Quickstart
Install the CLI, paste one API key, send one message. No config files to hand-edit before the first reply.
Goal
A working ethos chat session with one streamed response on screen. No personality customisation, no hand-edited YAML, no platform setup — those come in the next tutorials.
By the end you have:
ethosonPATHandethos --versionprinting a real number.~/.ethos/config.yamlwritten by the setup wizard with one provider, one model, one API key, one default personality.- A streamed reply on screen from your provider, confirming the install reaches the network and the API key works.
Prereqs
- macOS, Linux, or Windows 10/11. On Windows, the native installer works without WSL — see Install on Windows for the dedicated guide. The steps below show the macOS/Linux path.
- An API key from one of: Anthropic, OpenRouter, Ollama (running locally), or Gemini. The wizard accepts any of them; the rest of these docs assume Anthropic for the examples but every step works the same elsewhere.
- Node 24 or newer. The recommended install script handles this for you — skip ahead if you already have Node.
1. Install
The recommended path is one command:
curl -fsSL https://ethosagent.ai/install.sh | bash
The script does three things:
- Installs Node 24 via
nvmif it is not already onPATH. Existing Node 24+ installs are left alone. - Runs
npm install -g @ethosagent/cli. - Prints the path where
ethoswas installed.
If you prefer to skip the installer and use your own Node toolchain, the equivalent is two commands:
# Confirm Node 24+
node --version
# Install the CLI globally
npm install -g @ethosagent/cli
Either way, you should now be able to print the version:
ethos --version
Expected output (the exact number changes per release):
@ethosagent/cli 0.5.0
If ethos: command not found, your PATH does not include the global npm bin directory. npm config get prefix prints the prefix; add <prefix>/bin to your shell's rc file (~/.zshrc, ~/.bashrc), open a new shell, and try again.

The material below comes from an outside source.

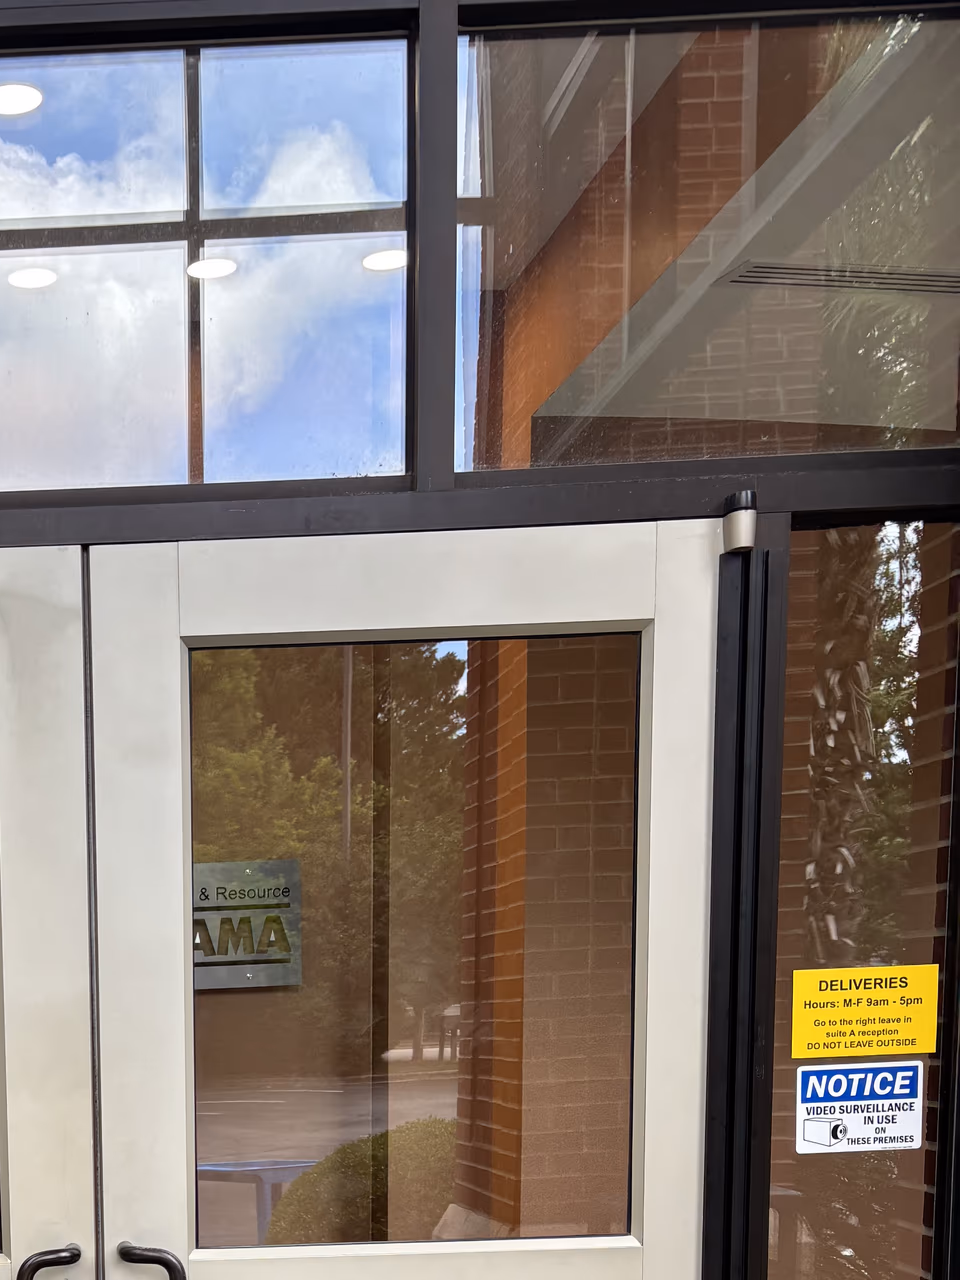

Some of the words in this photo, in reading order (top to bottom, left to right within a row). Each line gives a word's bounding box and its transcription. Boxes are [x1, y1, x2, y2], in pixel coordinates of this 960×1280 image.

On Windows, use the PowerShell one-liner instead of the curl command above — see Install on Windows.
If you installed through nvm, the binary lives under ~/.nvm/versions/node/v24.x.x/bin/. That path is on PATH only inside shells that source nvm.sh — service managers like launchd and systemd do not, which matters in the Telegram tutorial later.
2. Configure one provider
Run the first-time setup. It writes ~/.ethos/config.yaml for you.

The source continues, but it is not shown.